Let’s see the graph of 3M daily returns for the past two and a half years:
Well, now it looks different and more promising now. It looks this time series is stationary.
Let’s prove it.
Now we can see that only few lags that exceed the confidence interval of the ACF (blue dashed line).
Performing ADF test:
##
## Augmented Dickey-Fuller Test
##
## data: MMM_retDaily
## Dickey-Fuller = -8.0249, Lag order = 8, p-value = 0.01
## alternative hypothesis: stationary
The significance level (p-value) is around 1%, so we can reject the null hypothesis (no presence of unit root).
And finally, KPSS test:
##
## KPSS Test for Trend Stationarity
##
## data: MMM_retDaily
## KPSS Trend = 0.032186, Truncation lag parameter = 6, p-value = 0.1
The significance level (p-value) for KPSS test is more than 10%, so we are cannot reject the null hypothesis, which means that we cannot prove there is a unit root.

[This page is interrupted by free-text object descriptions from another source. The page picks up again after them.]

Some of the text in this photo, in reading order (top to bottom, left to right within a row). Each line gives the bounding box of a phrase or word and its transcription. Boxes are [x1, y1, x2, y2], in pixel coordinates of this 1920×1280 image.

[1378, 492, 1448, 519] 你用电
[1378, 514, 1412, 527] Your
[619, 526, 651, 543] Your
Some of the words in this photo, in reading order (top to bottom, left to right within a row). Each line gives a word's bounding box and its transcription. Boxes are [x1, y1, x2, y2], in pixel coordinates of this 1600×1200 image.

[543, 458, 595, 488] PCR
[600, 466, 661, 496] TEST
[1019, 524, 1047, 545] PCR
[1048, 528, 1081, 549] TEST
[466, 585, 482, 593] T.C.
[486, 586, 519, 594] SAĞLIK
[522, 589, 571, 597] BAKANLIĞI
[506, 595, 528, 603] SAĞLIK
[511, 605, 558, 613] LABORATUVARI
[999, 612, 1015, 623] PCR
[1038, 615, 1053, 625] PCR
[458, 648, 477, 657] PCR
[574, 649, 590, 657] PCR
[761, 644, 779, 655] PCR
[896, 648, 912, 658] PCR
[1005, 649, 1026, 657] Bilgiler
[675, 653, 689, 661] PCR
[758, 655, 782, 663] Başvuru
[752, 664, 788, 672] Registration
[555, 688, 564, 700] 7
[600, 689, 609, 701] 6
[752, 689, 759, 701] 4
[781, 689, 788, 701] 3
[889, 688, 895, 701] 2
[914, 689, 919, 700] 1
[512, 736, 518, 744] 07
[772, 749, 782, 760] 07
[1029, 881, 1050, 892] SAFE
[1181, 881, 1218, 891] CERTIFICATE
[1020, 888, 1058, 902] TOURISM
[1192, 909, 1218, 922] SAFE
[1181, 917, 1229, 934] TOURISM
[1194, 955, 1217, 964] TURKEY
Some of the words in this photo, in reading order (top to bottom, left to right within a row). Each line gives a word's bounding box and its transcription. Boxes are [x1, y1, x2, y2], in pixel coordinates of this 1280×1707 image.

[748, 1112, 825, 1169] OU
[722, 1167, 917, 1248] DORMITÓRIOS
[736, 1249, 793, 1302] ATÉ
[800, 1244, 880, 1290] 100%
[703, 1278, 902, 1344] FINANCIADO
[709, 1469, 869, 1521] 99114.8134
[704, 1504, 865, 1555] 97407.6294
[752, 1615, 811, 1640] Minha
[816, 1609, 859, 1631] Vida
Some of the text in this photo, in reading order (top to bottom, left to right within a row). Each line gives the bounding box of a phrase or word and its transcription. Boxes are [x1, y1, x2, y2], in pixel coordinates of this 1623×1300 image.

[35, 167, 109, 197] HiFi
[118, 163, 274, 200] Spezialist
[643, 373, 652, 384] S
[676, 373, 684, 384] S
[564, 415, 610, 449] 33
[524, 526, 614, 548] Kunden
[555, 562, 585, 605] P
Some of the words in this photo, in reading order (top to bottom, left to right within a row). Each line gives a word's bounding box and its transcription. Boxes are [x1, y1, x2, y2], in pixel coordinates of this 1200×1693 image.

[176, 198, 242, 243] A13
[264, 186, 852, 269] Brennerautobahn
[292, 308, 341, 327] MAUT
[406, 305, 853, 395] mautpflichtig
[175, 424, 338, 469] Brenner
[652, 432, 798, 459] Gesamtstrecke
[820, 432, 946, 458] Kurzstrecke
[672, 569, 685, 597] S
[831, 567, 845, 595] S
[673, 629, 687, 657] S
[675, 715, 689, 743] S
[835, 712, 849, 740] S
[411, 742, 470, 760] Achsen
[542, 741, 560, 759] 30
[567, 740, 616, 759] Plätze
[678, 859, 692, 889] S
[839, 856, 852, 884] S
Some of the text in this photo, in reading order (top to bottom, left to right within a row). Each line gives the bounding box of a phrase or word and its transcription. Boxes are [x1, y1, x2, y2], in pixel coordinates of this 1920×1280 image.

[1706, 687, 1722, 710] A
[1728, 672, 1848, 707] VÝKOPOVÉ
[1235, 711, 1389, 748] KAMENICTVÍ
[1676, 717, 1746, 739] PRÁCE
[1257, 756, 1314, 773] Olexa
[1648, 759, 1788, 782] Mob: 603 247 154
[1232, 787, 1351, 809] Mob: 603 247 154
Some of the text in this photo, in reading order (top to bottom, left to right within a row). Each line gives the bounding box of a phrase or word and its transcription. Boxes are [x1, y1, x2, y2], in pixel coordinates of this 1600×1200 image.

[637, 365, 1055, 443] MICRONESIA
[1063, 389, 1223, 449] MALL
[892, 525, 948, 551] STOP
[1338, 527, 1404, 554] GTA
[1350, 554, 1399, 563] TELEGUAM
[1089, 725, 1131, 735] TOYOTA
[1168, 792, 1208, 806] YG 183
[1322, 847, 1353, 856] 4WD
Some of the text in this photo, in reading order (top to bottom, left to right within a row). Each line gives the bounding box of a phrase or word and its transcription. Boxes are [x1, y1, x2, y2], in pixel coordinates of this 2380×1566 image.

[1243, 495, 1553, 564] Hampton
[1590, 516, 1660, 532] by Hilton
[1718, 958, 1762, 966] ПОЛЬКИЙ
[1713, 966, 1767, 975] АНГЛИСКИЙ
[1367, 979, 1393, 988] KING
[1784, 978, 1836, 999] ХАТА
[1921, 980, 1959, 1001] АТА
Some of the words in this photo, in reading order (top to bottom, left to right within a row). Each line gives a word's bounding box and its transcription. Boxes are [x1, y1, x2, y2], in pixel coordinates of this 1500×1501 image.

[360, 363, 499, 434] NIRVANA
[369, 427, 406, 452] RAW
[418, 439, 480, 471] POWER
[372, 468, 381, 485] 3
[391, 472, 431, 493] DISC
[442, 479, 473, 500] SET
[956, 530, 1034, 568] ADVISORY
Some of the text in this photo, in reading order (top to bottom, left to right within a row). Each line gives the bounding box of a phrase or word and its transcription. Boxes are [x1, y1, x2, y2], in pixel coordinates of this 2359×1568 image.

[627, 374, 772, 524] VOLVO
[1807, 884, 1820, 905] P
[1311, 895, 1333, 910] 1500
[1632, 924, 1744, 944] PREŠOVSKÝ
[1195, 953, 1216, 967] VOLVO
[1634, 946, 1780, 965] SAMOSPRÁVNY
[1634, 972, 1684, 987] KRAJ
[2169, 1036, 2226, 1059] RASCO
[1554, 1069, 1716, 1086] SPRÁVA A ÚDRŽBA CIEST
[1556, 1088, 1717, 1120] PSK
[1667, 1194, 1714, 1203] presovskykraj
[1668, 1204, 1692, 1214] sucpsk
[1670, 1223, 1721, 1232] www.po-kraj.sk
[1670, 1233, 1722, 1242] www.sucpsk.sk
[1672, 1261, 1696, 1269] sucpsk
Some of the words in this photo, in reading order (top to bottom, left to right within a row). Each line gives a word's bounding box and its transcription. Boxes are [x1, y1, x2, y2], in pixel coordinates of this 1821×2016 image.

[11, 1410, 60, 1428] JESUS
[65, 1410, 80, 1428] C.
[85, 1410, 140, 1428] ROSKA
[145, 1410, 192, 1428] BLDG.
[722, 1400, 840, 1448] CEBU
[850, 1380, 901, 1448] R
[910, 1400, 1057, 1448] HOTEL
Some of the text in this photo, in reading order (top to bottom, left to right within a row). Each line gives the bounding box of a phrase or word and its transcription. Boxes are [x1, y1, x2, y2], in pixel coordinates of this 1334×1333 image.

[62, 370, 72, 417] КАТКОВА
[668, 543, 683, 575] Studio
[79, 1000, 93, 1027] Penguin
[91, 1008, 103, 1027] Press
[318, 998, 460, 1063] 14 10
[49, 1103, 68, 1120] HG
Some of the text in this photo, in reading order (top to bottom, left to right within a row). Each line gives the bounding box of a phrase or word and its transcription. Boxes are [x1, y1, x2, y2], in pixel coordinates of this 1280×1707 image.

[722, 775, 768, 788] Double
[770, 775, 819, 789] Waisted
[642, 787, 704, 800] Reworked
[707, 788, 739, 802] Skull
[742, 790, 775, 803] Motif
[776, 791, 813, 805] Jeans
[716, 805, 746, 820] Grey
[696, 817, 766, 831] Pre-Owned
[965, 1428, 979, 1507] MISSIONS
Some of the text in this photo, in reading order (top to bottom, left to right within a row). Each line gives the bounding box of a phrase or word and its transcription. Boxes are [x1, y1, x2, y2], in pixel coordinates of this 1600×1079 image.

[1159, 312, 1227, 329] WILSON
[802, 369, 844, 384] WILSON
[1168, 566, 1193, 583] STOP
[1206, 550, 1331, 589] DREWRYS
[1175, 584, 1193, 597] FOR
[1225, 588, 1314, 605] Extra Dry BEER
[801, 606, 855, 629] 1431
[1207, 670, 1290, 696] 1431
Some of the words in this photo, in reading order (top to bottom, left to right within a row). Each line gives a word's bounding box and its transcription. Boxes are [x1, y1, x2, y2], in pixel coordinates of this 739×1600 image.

Let’s see the graph of S&p500 closing prices for the past two and a half years:
It looks like this time series is not stationary, as we can see some shape of upward trend.
Now, we need to perform methods described in the introduction to conclude if the time series is stationary or not.
From the plot above, we can conclude that almost all lags are exceeding the confidence interval of the ACF.
Performing ADF test:
##
## Augmented Dickey-Fuller Test
##
## data: SP500_prices
## Dickey-Fuller = -1.8165, Lag order = 8, p-value = 0.656
## alternative hypothesis: stationary
The significance level (p-value) for ADF test is really high (around 66%), so we cannot reject the null hypothesis.
Performing KPSS test:
##
## KPSS Test for Trend Stationarity
##
## data: SP500_prices
## KPSS Trend = 1.216, Truncation lag parameter = 6, p-value = 0.01
The significance level (p-value) for KPSS test is really low (below 1%), so we are rejecting the null hypothesis, which means that this time series has a unit root.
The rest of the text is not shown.